*** Source data
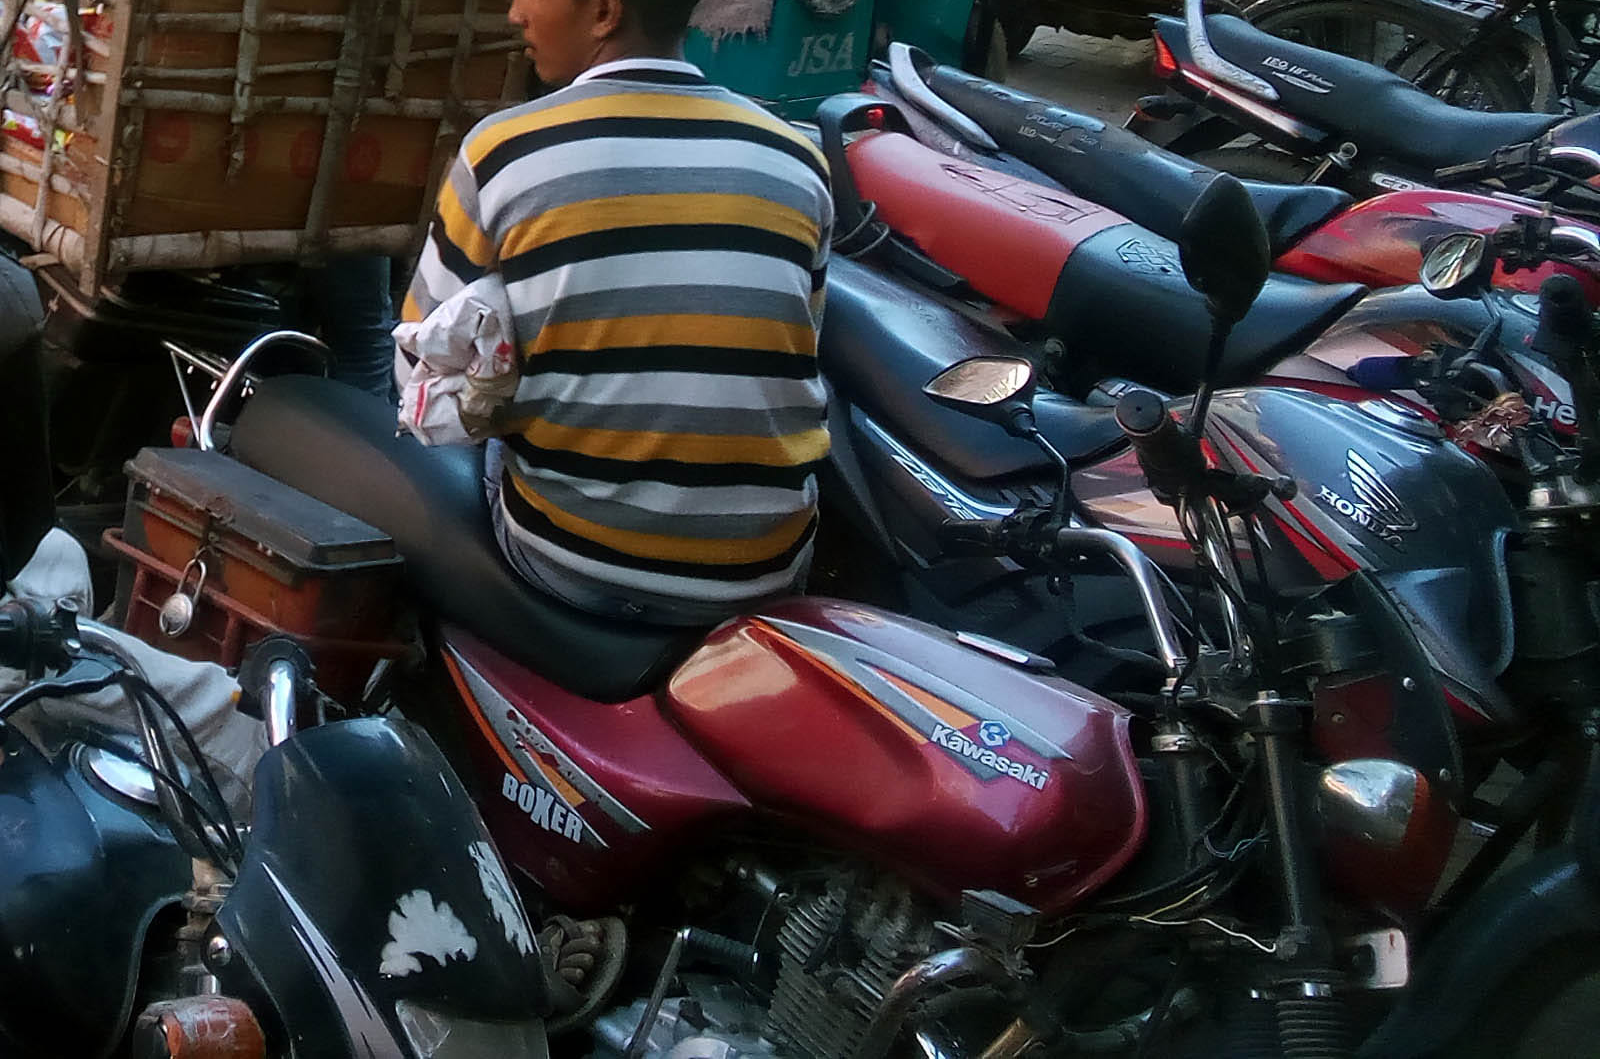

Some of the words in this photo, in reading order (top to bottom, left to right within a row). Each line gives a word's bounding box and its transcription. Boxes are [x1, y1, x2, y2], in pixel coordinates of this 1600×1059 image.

[786, 31, 855, 77] JSA
[1534, 396, 1578, 426] He
[930, 723, 1050, 790] Kawasaki
[502, 772, 584, 844] BOXER
******
* Work order:
Output each line above exactly as it stands, omitting the pictures.

* Task output:
Some of the words in this photo, in reading order (top to bottom, left to right within a row). Each line gives a word's bounding box and its transcription. Boxes are [x1, y1, x2, y2], in pixel coordinates of this 1600×1059 image.

[786, 31, 855, 77] JSA
[1534, 396, 1578, 426] He
[930, 723, 1050, 790] Kawasaki
[502, 772, 584, 844] BOXER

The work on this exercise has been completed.